Convolutional autoencoders are used to deconstruct the changing dynamics of two-dimensional Kolmogorov flow as Re is increased from weakly chaotic flow at Re=40 to a chaotic state dominated by a domain-filling vortex pair at Re=400. The highly accurate embeddings allow us to visualise the evolving structure of state space and are interpretable using `latent Fourier analysis' (Page et. al., Phys. Rev. Fluids 6, 2021). Individual latent Fourier modes decode into vortical structures with a streamwise lengthscale controlled by the latent wavenumber, l, with only a small number l 8 required to accurately represent the flow.

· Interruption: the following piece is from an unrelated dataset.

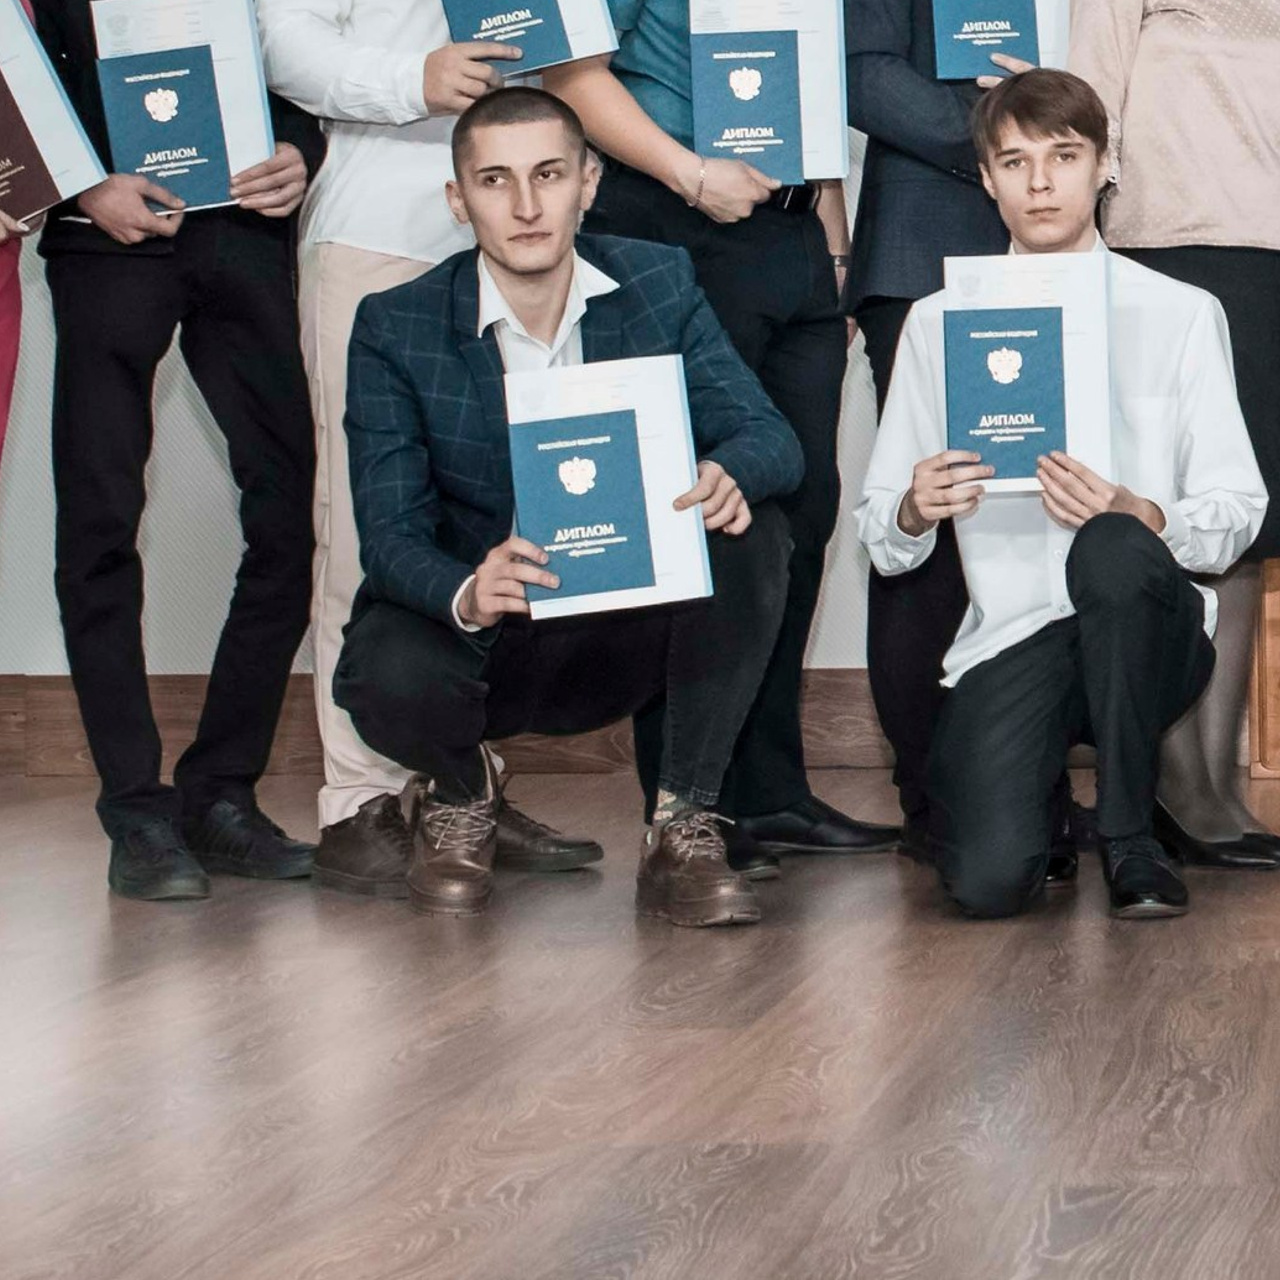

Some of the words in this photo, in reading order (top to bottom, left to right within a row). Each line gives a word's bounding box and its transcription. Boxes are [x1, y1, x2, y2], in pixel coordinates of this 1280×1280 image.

Latent Fourier projections reveal a detached class of bursting events at Re=40 which merge with the low-dissipation dynamics as Re is increased to 100. We use doubly- (l=2) or triply- (l=3) periodic latent Fourier modes to generate guesses for UPOs (unstable periodic orbits) associated with high-dissipation events. While the doubly-periodic UPOs are representative of the high-dissipation dynamics at Re=40, the same class of UPOs move away from the attractor at Re=100 -- where the associated bursting events typically involve larger-scale (l=1) structure too. At Re=400 an entirely different embedding structure is formed within the network in which no distinct representations of small-scale vortices are observed; instead the network embeds all snapshots based around a large-scale template for the condensate. We use latent Fourier projections to find an associated `large-scale' UPO which we believe to be a finite-Re continuation of a solution to the Euler equations.